От патриархата к матриархату?
Прежде всего, хотелось бы сразу определиться, что данный раздел не предполагает подробного разбора теории матриархата, представленной у Бахофена и других авторов, равно как и не предполагает обоснования необходимости замены религиозного патриархата на религиозный матриархат, а содержит лишь некоторые частные мысли, которые, возможно, для кого-то будут не лишены смысла.
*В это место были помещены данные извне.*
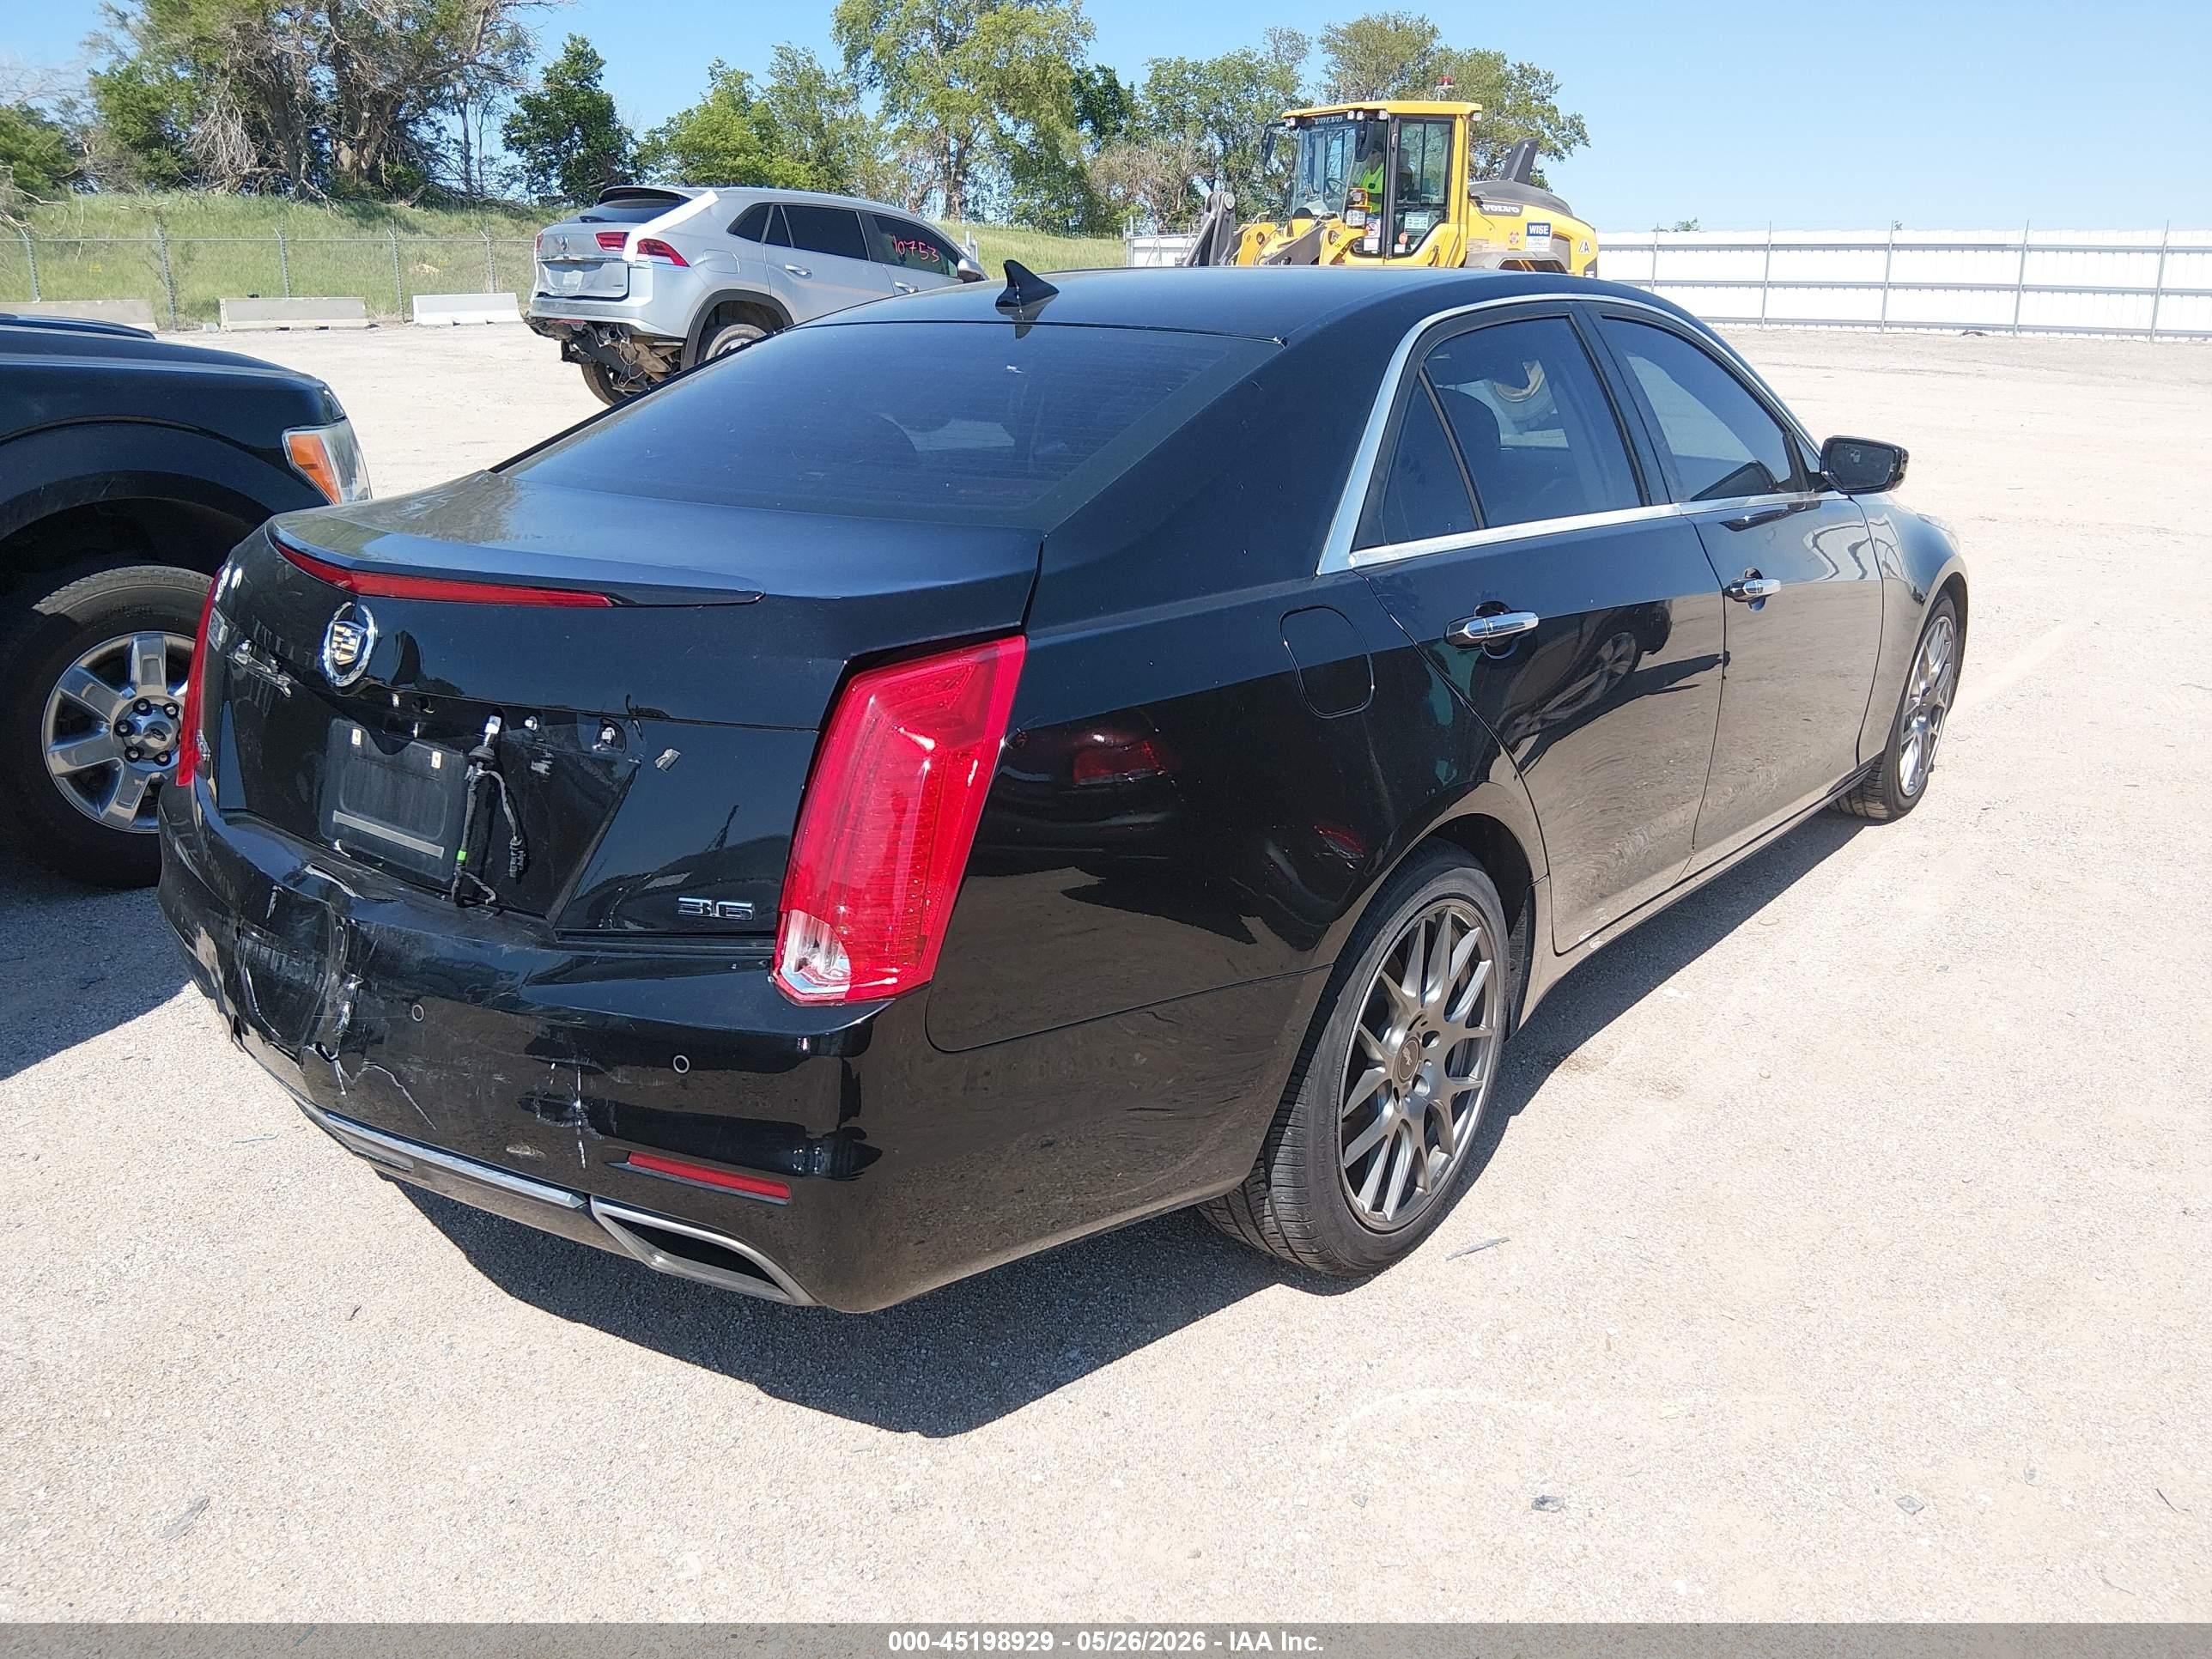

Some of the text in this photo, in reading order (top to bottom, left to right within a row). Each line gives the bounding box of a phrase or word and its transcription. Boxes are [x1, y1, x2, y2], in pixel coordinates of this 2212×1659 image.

[1482, 204, 1520, 214] VOLVO
[1528, 224, 1549, 235] WISE
[892, 234, 940, 263] 10753
[678, 896, 755, 921] 3.6
Все мы слышали: некогда был матриархат. Сначала население перешло от охоты и собирательства к земледельческому и скотоводческому образу жизни, также появилось гончарное ремесло. Согласно первобытному разделению труда, мужчины уходили на охоту, а женщины собирали коренья и фрукты. Соответственно, открытие земледелия принадлежит женщине, а приручение животных, вероятно, было делом мужчин. Женщина и земля имели уникальную способность, которой не было у мужчин – они умели рождать, производить. Мужчина смог претендовать на подобную роль несколько позже, когда появилась другая стадия в развитии, когда возник новый тип социальной организации – то самое производство «прибавочного продукта», увеличение производства благодаря техническим открытиям, тогда додумались, что человек вообще не зависит от природы, что его, к тому же, можно обратить в раба, а также стало производиться оружие (появилось одновременно и чем сражаться и за что сражаться), люди уже не зависели от земли (месторождения бронзы и железа есть не везде), возникли и классы, ибо прибавочный продукт сосредоточился в руках у тех, у кого оружие, т. е у привилегированных. Войны велись за вполне конкретные цели – рабы, ресурсы, земли. С этим связан контроль за рождаемостью. И не только воинов, но и всех, кто будет работать на кого-то другого. И еще один момент – плодородие почвы перестало быть главным источником вдохновения; это место теперь занял разум, абстрактное мышление, искусственная, неприродная цивилизация. Таким образом, мужчина смог претендовать на роль творца. Оказалось, что хоть он не рожает, но тоже может создавать. Патриархат является неотъемлемой частью культуры. Под патриархатом следует понимать не только такую форму социального устройства, когда мужчина занимает привилегированное по сравнению с женщиной положение, но он (патриархат) также является интегрированной частью самого типа нашей цивилизации, который сложился после революции в области земледелия и господствует до сих пор, вместе со всеми своими атрибутами – главенством мужчины, независимостью от природы, культом силы и иерархичностью.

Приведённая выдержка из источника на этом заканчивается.